Человек в революции, он не мог осмыслить революции. Волны событий тащили и опережали его, и он не был способен постигнуть их истинного смысла и масштаба. Увы, это почти всегда бывает в истории. И так трудно остановиться у той грани, которую нельзя переступать ни при каких обстоятельствах, во имя любых идеалов. Способ совершения поступка иногда важнее самого поступка. Только Бог умеет превращать зло в добро, человек же часто наоборот — желая добра, творит зло.
Матери: «Я бодр и вполне спокойный. Читаю газеты и радуюсь. Был бы вполне счастлив, если бы не мысль о Вас. А Вы крепитесь».
И вот вечером 31 августа убийцу вызвали на допрос к самому Дзержинскому. Протокол вел все тот же Николай Антипов, следователей не пригласили. Этот документ уместился всего в несколько строк:
Протокол допроса
Леонида Акимовича Каннегисера, еврея — дворянина, 22 лет
Допрошенный в ЧК по борьбе с контрреволюцией Председателем Всероссийской комиссии тов. Дзержинским показал:
На вопрос о принадлежности к партии заявляю, что ответить прямо на вопрос из принципиальных соображений отказываюсь. Убийство Урицкого совершил не по постановлению партии, к которой я принадлежу, а по личному побуждению. После Октябрьского переворота я был все время без работы и средства на существование получал от отца.

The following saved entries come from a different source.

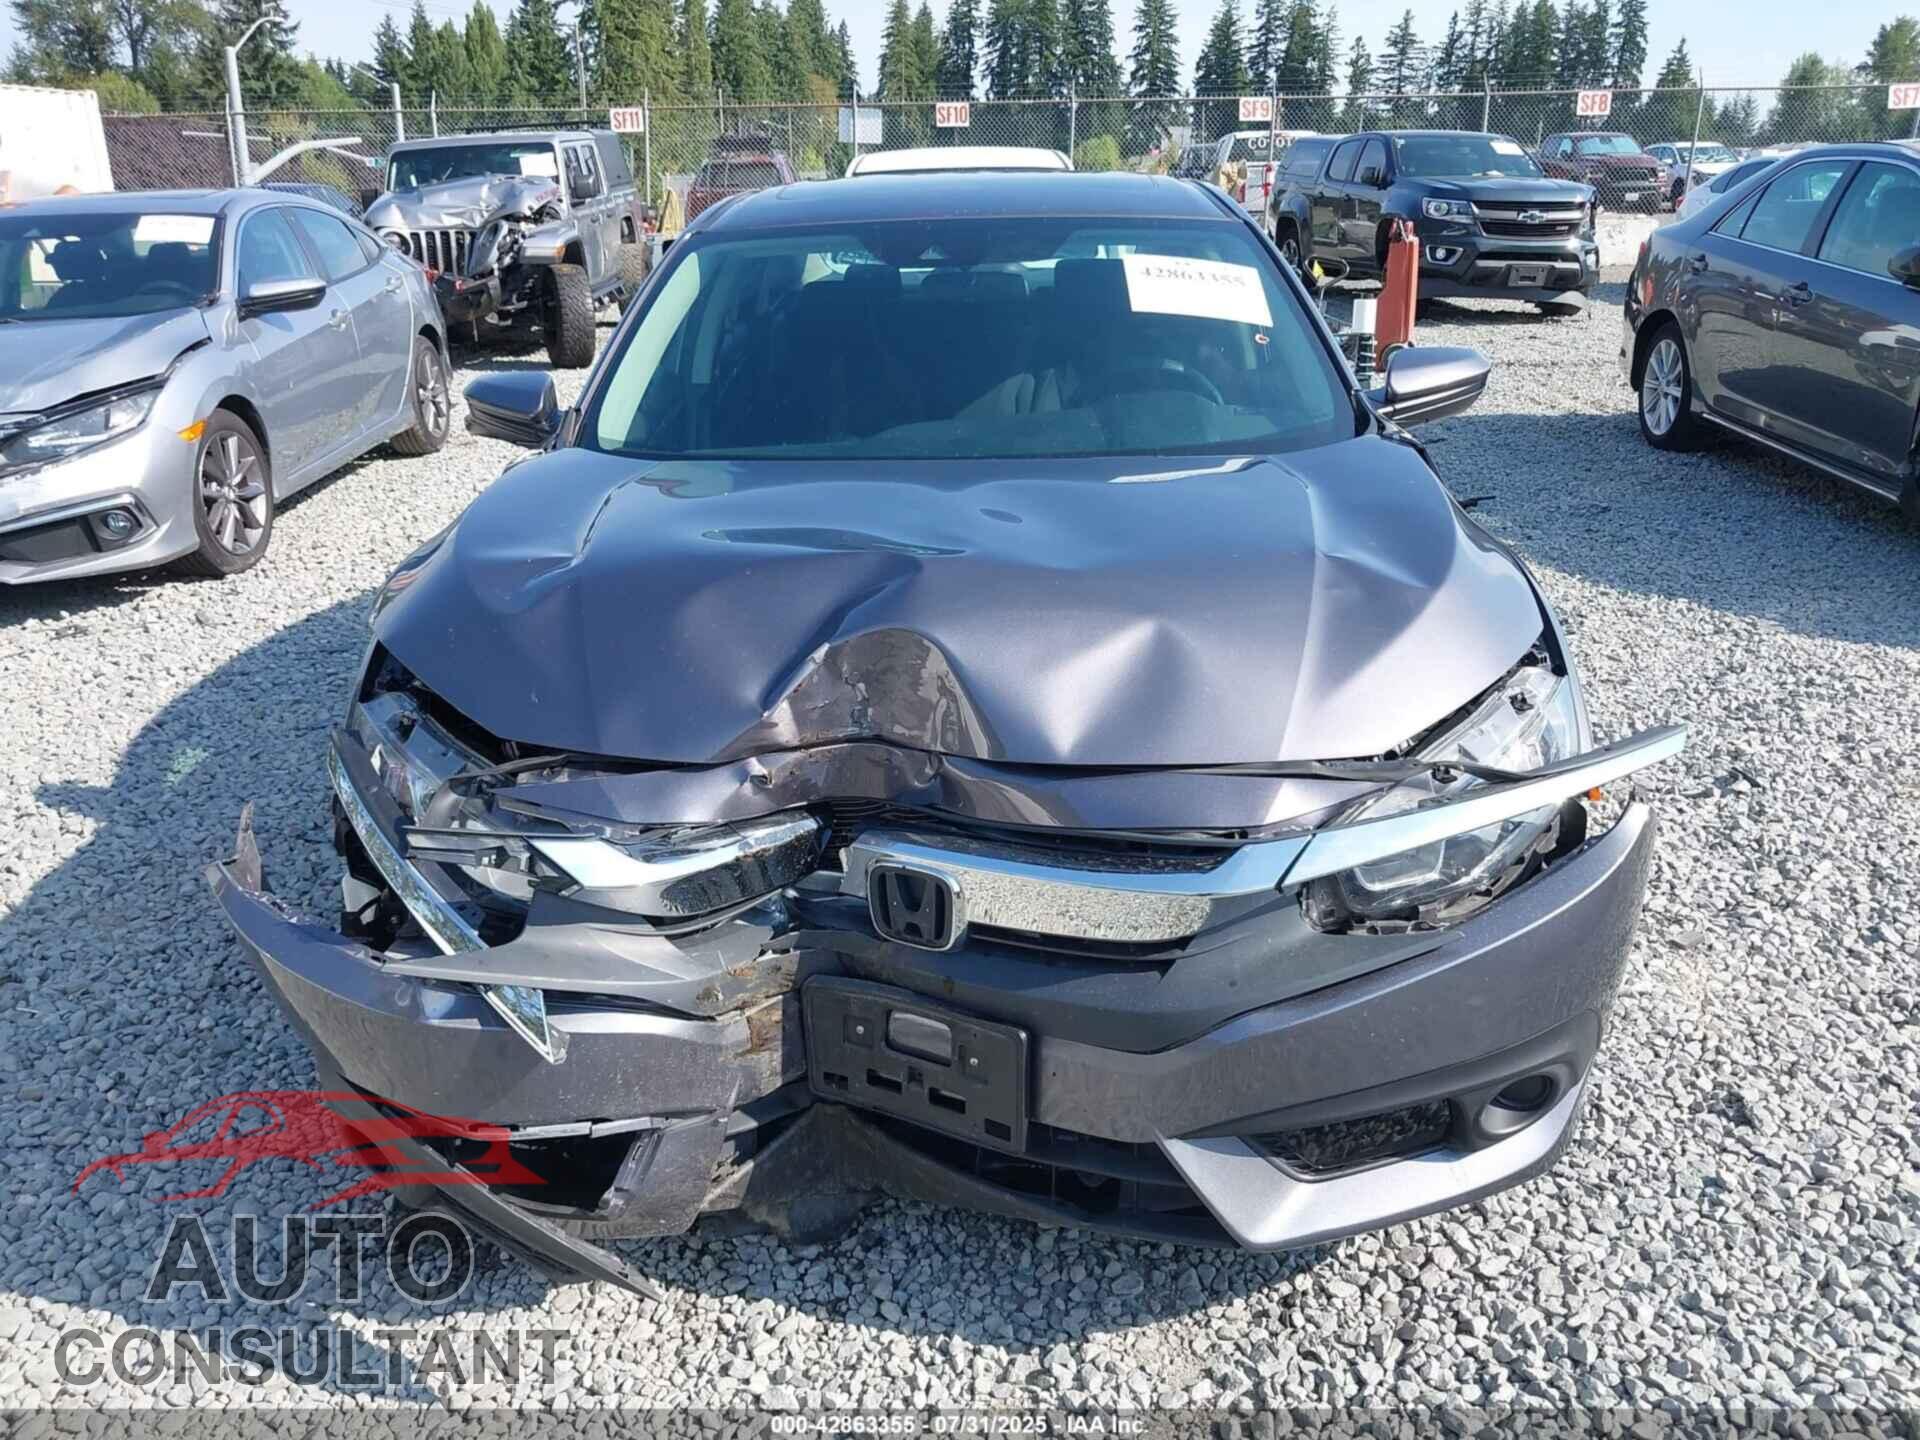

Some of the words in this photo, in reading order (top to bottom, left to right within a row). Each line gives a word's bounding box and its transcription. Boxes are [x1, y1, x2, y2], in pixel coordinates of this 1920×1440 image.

[1580, 94, 1608, 113] SF8
[1893, 87, 1919, 106] SF7
[938, 105, 968, 124] SF10
[1242, 100, 1270, 118] SF9
[612, 111, 640, 129] SF11
[1247, 136, 1294, 150] COOT

Дать более точные показания отказываюсь.
Леонид Каннегисер
Результат допроса равен нулю. Выходит, зря, бросив сверхважные и сверхсрочные дела, специально мчался в Петроград Железный Феликс? Ровным счетом ничего не смог выжать главный страж революции из этого барчонка! Нашла коса на камень! Мальчишка чувствует себя победителем!
Что в вашем голосе суровом?
Одна пустая болтовня.
Иль мните вы казенным словом
И вправду испугать меня?
Холодный чай, осьмушка хлеба.
Час одиночества и тьмы.
Но синее сиянье неба
Одело свод моей тюрьмы.
И сладко, сладко в келье тесной
Узреть в смирении страстей,
Как ясно блещет свет небесный
Души воспрянувшей моей.
Напевы Божьи слух мой ловит,
Душа спешит покинуть плоть,
И радость вечную готовит
Мне на руках своих Господь.
Стихи Л. Каннегисера, написанные в одиночке Петроградской ЧК
Леонид ведет в тюрьме два диалога с миром: кроме формального, с чекистами, — и внутренний, наедине, языком поэта.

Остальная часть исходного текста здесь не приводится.